▸ Work order
Each line of the material below is to be given again exactly.

Available data Block Start

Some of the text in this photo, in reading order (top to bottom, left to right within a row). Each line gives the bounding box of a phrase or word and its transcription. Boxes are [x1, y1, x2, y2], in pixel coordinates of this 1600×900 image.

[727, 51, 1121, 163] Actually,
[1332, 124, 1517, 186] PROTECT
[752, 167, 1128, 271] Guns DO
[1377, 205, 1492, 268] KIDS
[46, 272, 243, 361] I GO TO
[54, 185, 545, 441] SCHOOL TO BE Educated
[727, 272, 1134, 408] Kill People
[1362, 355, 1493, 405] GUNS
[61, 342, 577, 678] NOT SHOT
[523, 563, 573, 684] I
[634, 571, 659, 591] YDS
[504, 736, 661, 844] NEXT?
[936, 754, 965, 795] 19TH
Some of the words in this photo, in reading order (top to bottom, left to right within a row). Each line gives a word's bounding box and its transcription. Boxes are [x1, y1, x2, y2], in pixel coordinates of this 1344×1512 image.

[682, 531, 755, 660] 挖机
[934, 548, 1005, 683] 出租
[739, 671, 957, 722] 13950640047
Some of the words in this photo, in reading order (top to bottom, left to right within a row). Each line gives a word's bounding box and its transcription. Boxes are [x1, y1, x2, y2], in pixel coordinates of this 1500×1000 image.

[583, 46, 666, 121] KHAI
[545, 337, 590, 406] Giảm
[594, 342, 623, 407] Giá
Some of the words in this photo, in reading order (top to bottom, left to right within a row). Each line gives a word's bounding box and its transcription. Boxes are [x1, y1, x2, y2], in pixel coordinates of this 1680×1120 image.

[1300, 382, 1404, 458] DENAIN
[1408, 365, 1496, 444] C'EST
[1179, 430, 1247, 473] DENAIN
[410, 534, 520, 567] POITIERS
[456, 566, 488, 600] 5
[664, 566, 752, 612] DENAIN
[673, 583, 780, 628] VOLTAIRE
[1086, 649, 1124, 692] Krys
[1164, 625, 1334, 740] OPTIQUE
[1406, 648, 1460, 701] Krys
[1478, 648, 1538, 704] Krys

Available data Block End

▸ Worked solution
Some of the text in this photo, in reading order (top to bottom, left to right within a row). Each line gives the bounding box of a phrase or word and its transcription. Boxes are [x1, y1, x2, y2], in pixel coordinates of this 1600×900 image.

[727, 51, 1121, 163] Actually,
[1332, 124, 1517, 186] PROTECT
[752, 167, 1128, 271] Guns DO
[1377, 205, 1492, 268] KIDS
[46, 272, 243, 361] I GO TO
[54, 185, 545, 441] SCHOOL TO BE Educated
[727, 272, 1134, 408] Kill People
[1362, 355, 1493, 405] GUNS
[61, 342, 577, 678] NOT SHOT
[523, 563, 573, 684] I
[634, 571, 659, 591] YDS
[504, 736, 661, 844] NEXT?
[936, 754, 965, 795] 19TH
Some of the words in this photo, in reading order (top to bottom, left to right within a row). Each line gives a word's bounding box and its transcription. Boxes are [x1, y1, x2, y2], in pixel coordinates of this 1344×1512 image.

[682, 531, 755, 660] 挖机
[934, 548, 1005, 683] 出租
[739, 671, 957, 722] 13950640047
Some of the words in this photo, in reading order (top to bottom, left to right within a row). Each line gives a word's bounding box and its transcription. Boxes are [x1, y1, x2, y2], in pixel coordinates of this 1500×1000 image.

[583, 46, 666, 121] KHAI
[545, 337, 590, 406] Giảm
[594, 342, 623, 407] Giá
Some of the words in this photo, in reading order (top to bottom, left to right within a row). Each line gives a word's bounding box and its transcription. Boxes are [x1, y1, x2, y2], in pixel coordinates of this 1680×1120 image.

[1300, 382, 1404, 458] DENAIN
[1408, 365, 1496, 444] C'EST
[1179, 430, 1247, 473] DENAIN
[410, 534, 520, 567] POITIERS
[456, 566, 488, 600] 5
[664, 566, 752, 612] DENAIN
[673, 583, 780, 628] VOLTAIRE
[1086, 649, 1124, 692] Krys
[1164, 625, 1334, 740] OPTIQUE
[1406, 648, 1460, 701] Krys
[1478, 648, 1538, 704] Krys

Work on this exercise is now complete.